Current, Past & Future Exhibitions
Jen Wohlner: BINGO! June 12 – August 8, 2026
Neidorff Family Gallery
Jen Wohlner is a St. Louis-based artist working primarily in pen, ink, and colored pencil to create large-scale drawings. Her influences range from the study of symbols to large data systems. Wohlner builds on an evolving visual language to write her own history, creating abstract self-portraits. Her work is also influenced by her background in software engineering, where abstraction is used to manage enormous software systems, selectively obscuring technical complexities for the use of engineers building on top of an existing code layer. Wohlner sees abstraction in her work in a similar way, layering visual information to create a functional seamless system. Ultimately her work serves as an exercise in perception, memory and honesty revealing that even the most robust datasets cannot capture the warmth, friction, and fullness of a queer life.
Artist Talk: Saturday, July 25, at 1:00 p.m.
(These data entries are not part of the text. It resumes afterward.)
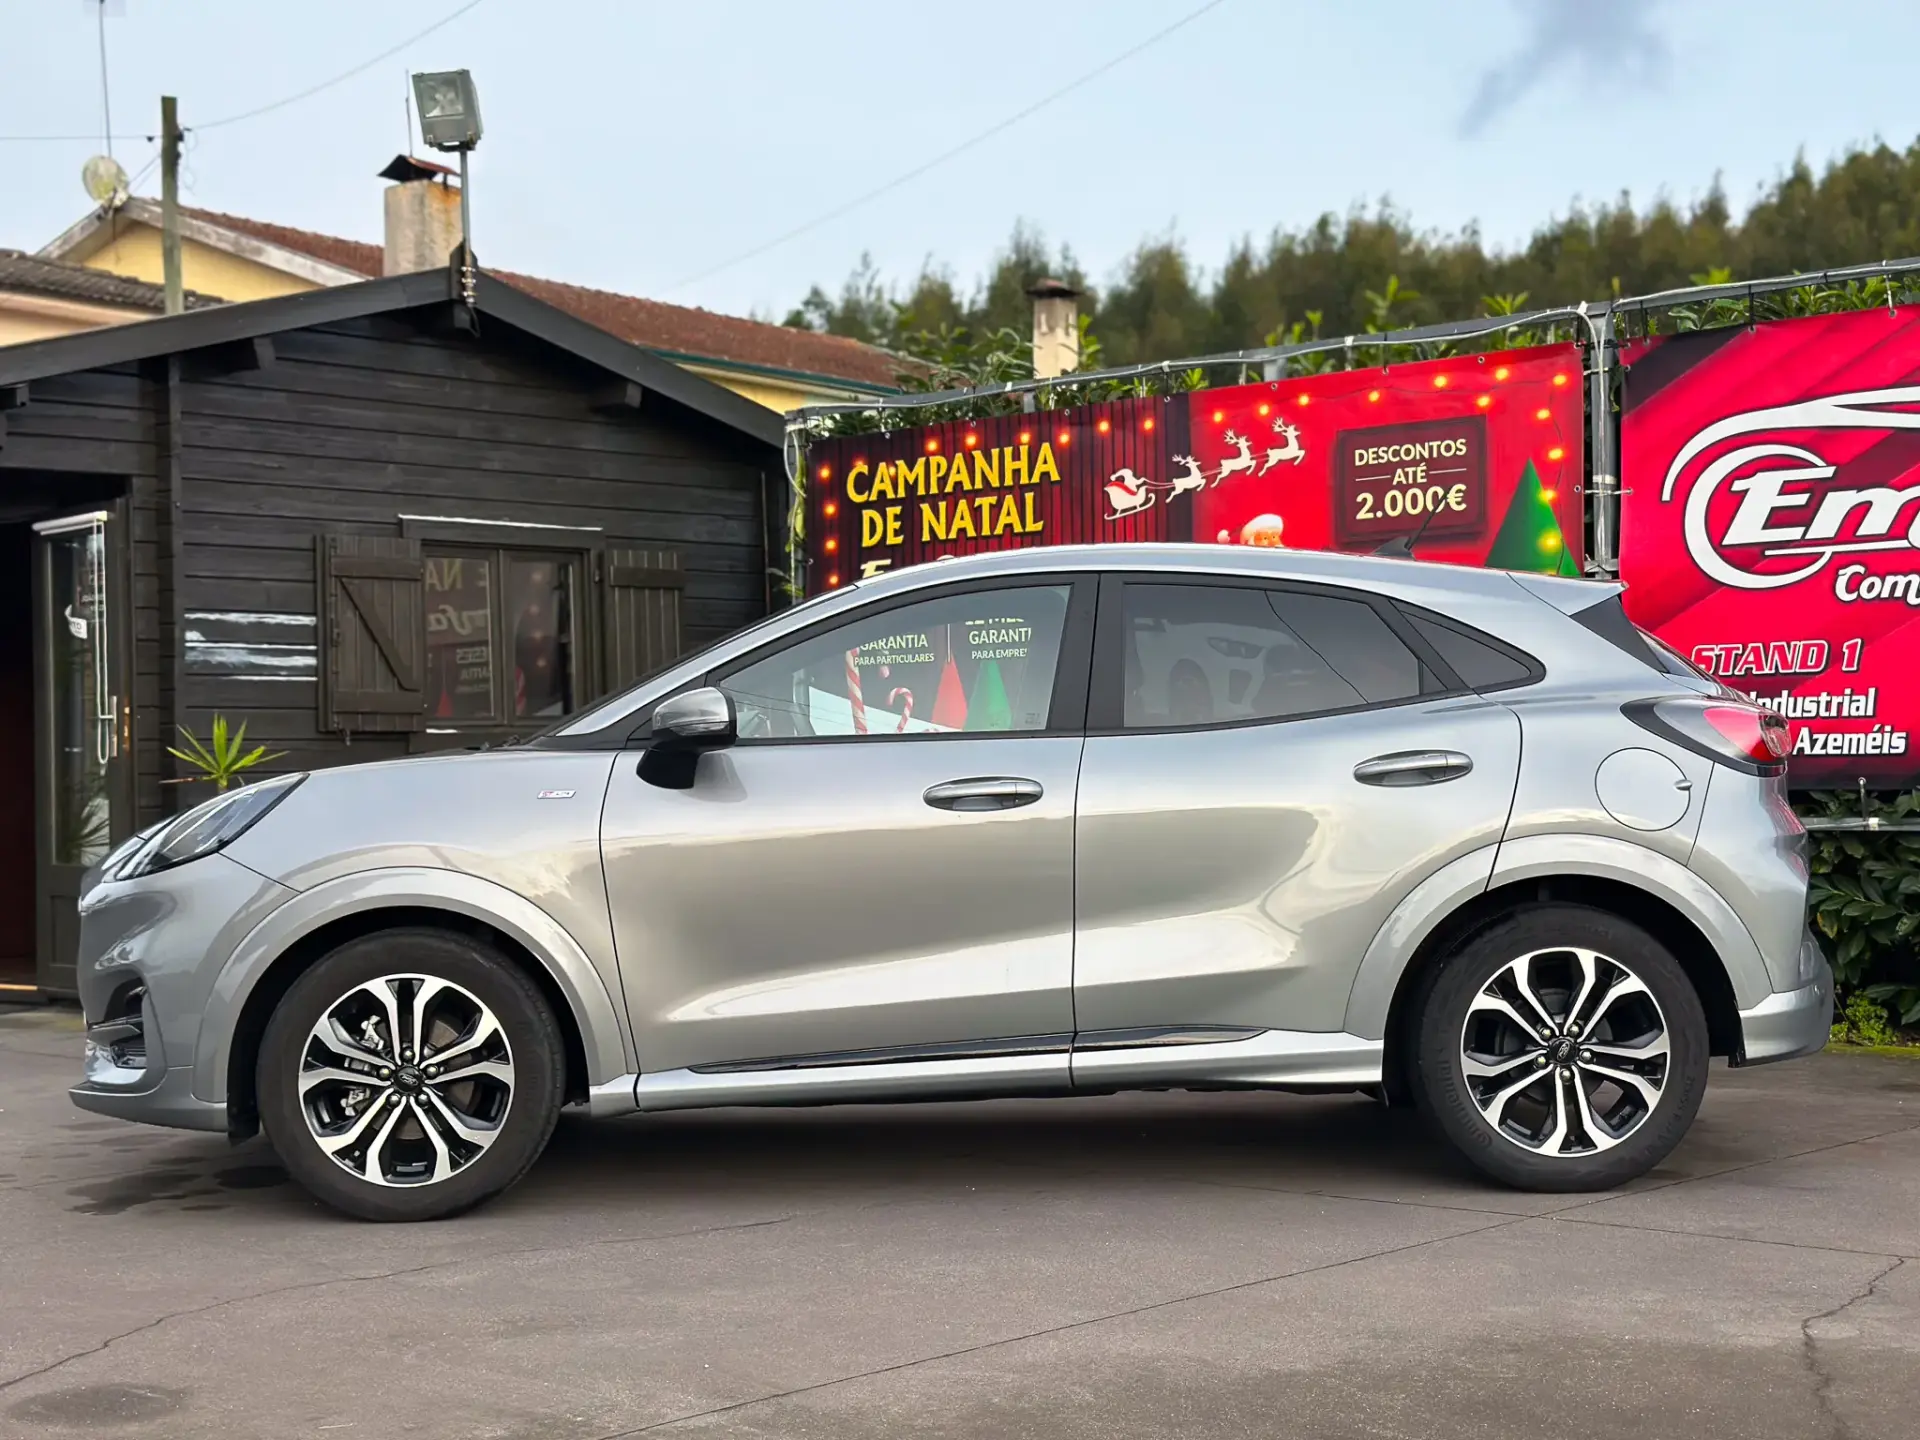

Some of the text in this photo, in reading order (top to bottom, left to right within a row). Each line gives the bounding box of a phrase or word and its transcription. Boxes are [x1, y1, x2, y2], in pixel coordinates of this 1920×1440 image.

[1355, 438, 1467, 466] DESCONTOS
[847, 442, 1061, 503] CAMPANHA
[1392, 461, 1428, 486] ATÉ
[1355, 483, 1467, 520] 2.000€
[861, 492, 1044, 547] DE NATAL
[855, 653, 935, 666] PARA PARTICULARES
[971, 648, 1028, 660] PARA EMPRE
[1692, 638, 1863, 676] STAND 1
[1792, 724, 1907, 755] Azeméis
Master of Fine Arts Thesis Exhibition
Nancy Spirtas Kranzberg Gallery: Alison Cofrancesco
2nd Floor Lounge: Hannah Toepp
Indiana University-Bloomington students Alison Cofrancesco and Hannah Toepp will exhibit their Master of Fine Arts theses at The Sheldon this summer. They were selected out of 40 studio visits with third-year MFA Candidates from four regional universities.

Alison Leigh Cofrancesco
Do Not Enter, 2026
oil on canvas, 48 x 48 inches
From the artist statement: Welcome to the world of stuff. In this world, consumer products are hyper available, and we are able to consume in a number of ways: online, secondhand, ethically, or impulsively. It is easy to feel ambivalent about the things we have with the added context of unfair labor practices, unsustainable materials, and the destructiveness of overconsumption.

Hannah Toepp
Light Seeker, 2026
ink-jet printed cotton sateen fabric
dimensions variable
From the artist statement: Light Seeker is a collection of hundreds of abstract pinhole photographic soft sculptures. They are objects of comfort because of their plush pillow form, and the imagery is from the process of capturing the moments of calming down from being anxious or overwhelmed.